We performed statistical analyses with SAS software, version 9.4 (SAS Institute). The statistical tests were 2-sided with significance at p < 0.05.
Ethics approval
This study was approved by the Research Ethics Board of the McGill University Health Centre.
Results
We identified 3704 patients with newly diagnosed diabetes (Table 1). The mean age at diagnosis was 10.1 (standard deviation 4.8) years, and 1944 (52.5%) were males. Of the overall study population, 2177 (58.8%) had a usual provider of care before diagnosis of diabetes, and 996 (26.9%) presented with DKA at the time of diabetes onset. By age group, the rate of DKA was 28.5% (190/666) among those 1–4 years old, 32.0% (449/1403) among those 5–11 years old and 21.8% (357/1635) among those 12–17 years old.
Table 1:
Characteristic | Group; no. (%) of participants* | p value | ||
---|---|---|---|---|
Study population | Without DKA | With DKA | ||
Population size | 3704 (100.0) | 2708 (73.1) | 996 (26.9) | |
Age, yr, mean ± SD | 10.1 ± 4.8 | 10.3 ± 4.9 | 9.3 ± 4.6 | < 0.001 |
Age, yr, by category | < 0.001 | |||
1–4 | 666 (18.0) | 476 (17.6) | 190 (19.1) | |
5–11 | 1403 (37.9) | 954 (35.2) | 449 (45.1) | |
12–17 | 1635 (44.1) | 1278 (47.2) | 357 (35.8) | |
Sex | 0.5 | |||
Male | 1944 (52.5) | 1412 (52.1) | 532 (53.4) | |
Female | 1760 (47.5) | 1296 (47.9) | 464 (46.6) | |
Socioeconomic status (social and material deprivation)† | 0.1 | |||
Least deprived | 1544 (43.0) | 1154 (44.0) | 390 (40.5) | |
Moderately deprived | 729 (20.3) | 531 (20.2) | 198 (20.5) | |
Most deprived | 1316 (36.7) | 940 (35.8) | 376 (39.0) | |
Rurality‡ | 0.04 | |||
Urban (population > 100 000) | 2438 (66.1) | 1787 (66.2) | 651 (65.7) | |
Small cities (population 10 000–100 000) | 477 (12.9) | 328 (12.2) | 149 (15.0) | |
Rural (population < 10 000) | 775 (21.0) | 584 (21.6) | 191 (19.3) | |
Usual provider of care | 0.004 | |||
None | 1527 (41.2) | 1073 (39.6) | 454 (45.6) | |
Family physician | 1437 (38.8) | 1084 (40.0) | 353 (35.4) | |
Pediatrician | 740 (20.0) | 551 (20.3) | 189 (19.0) |
Note: DKA = diabetic ketoacidosis, SD = standard deviation.

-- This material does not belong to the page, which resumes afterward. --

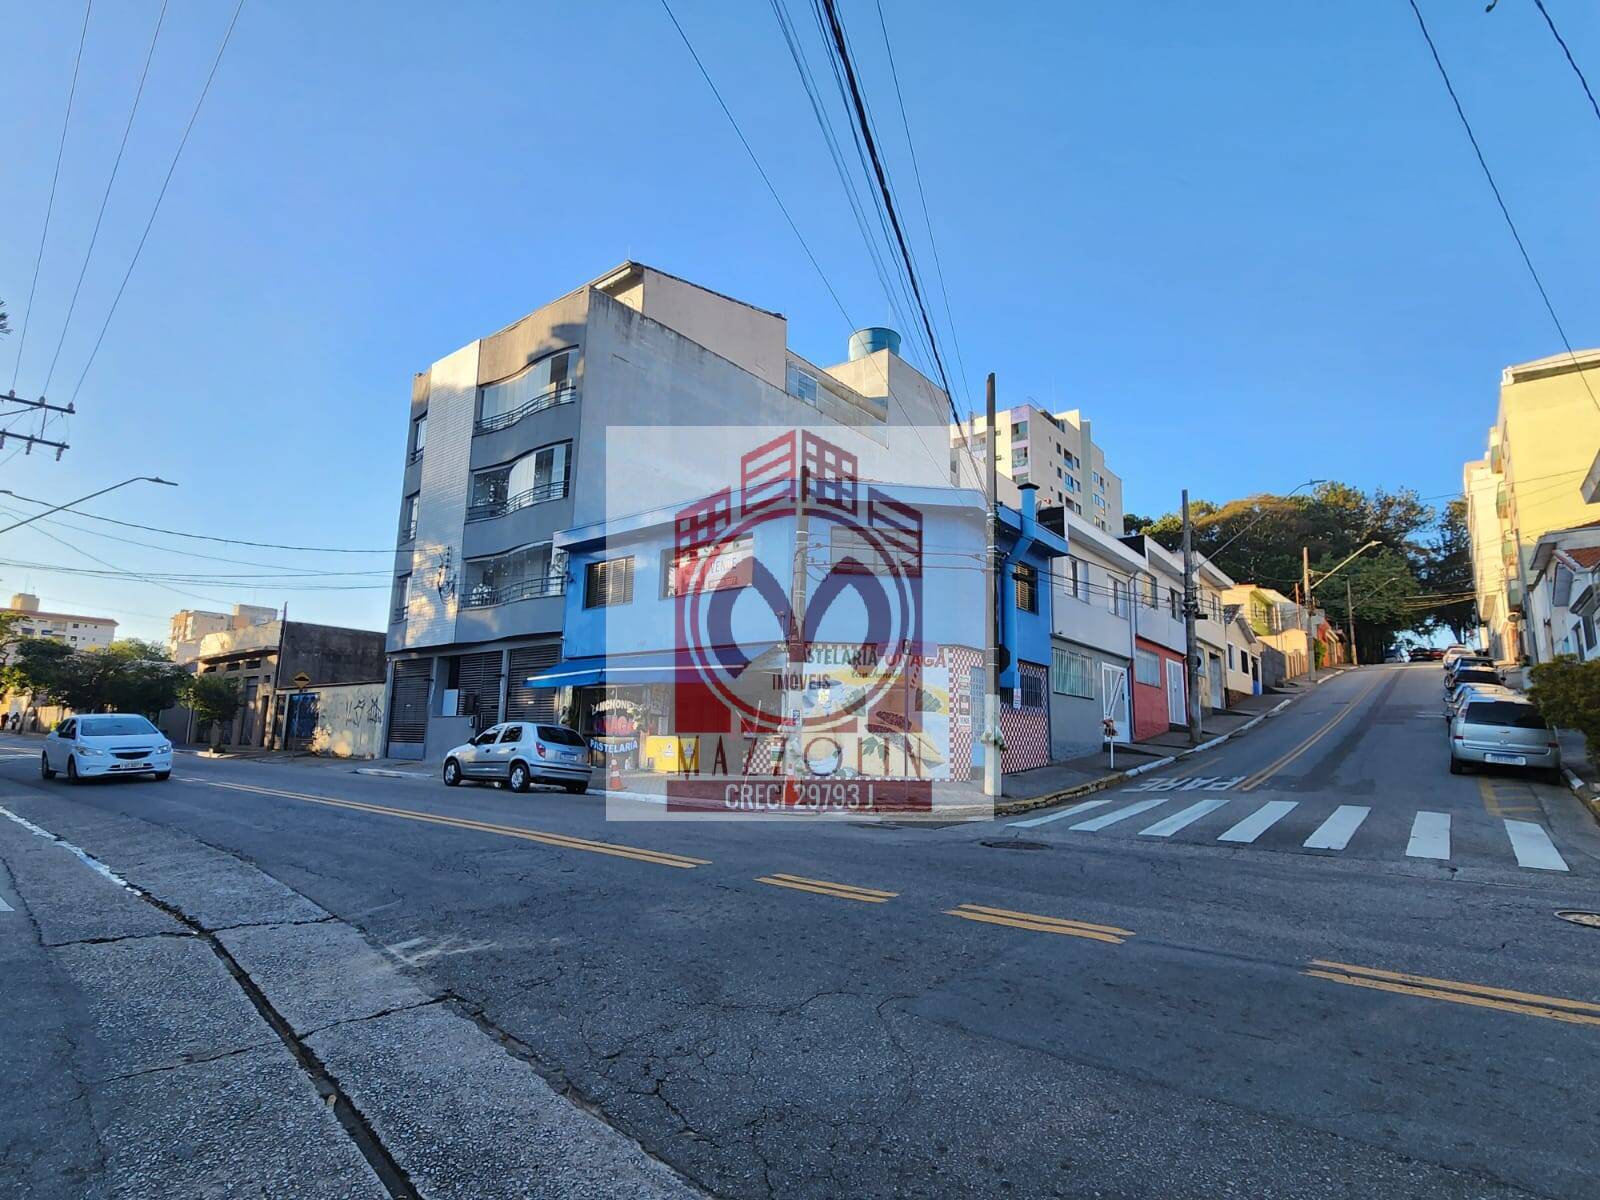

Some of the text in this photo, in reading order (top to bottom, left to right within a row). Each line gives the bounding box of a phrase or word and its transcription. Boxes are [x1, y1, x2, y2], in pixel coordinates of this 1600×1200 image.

Except where indicated otherwise.
Missing socioeconomic status for 115 of the study population, consisting of 83 without and 32 with DKA. For this variable, social and material quintiles were combined into a 5 × 5 table, and the 25 combined categories were grouped into 3 categories: least deprived, moderately deprived and most deprived.
Missing rurality for 14 of the study population, consisting of 9 without and 5 with DKA.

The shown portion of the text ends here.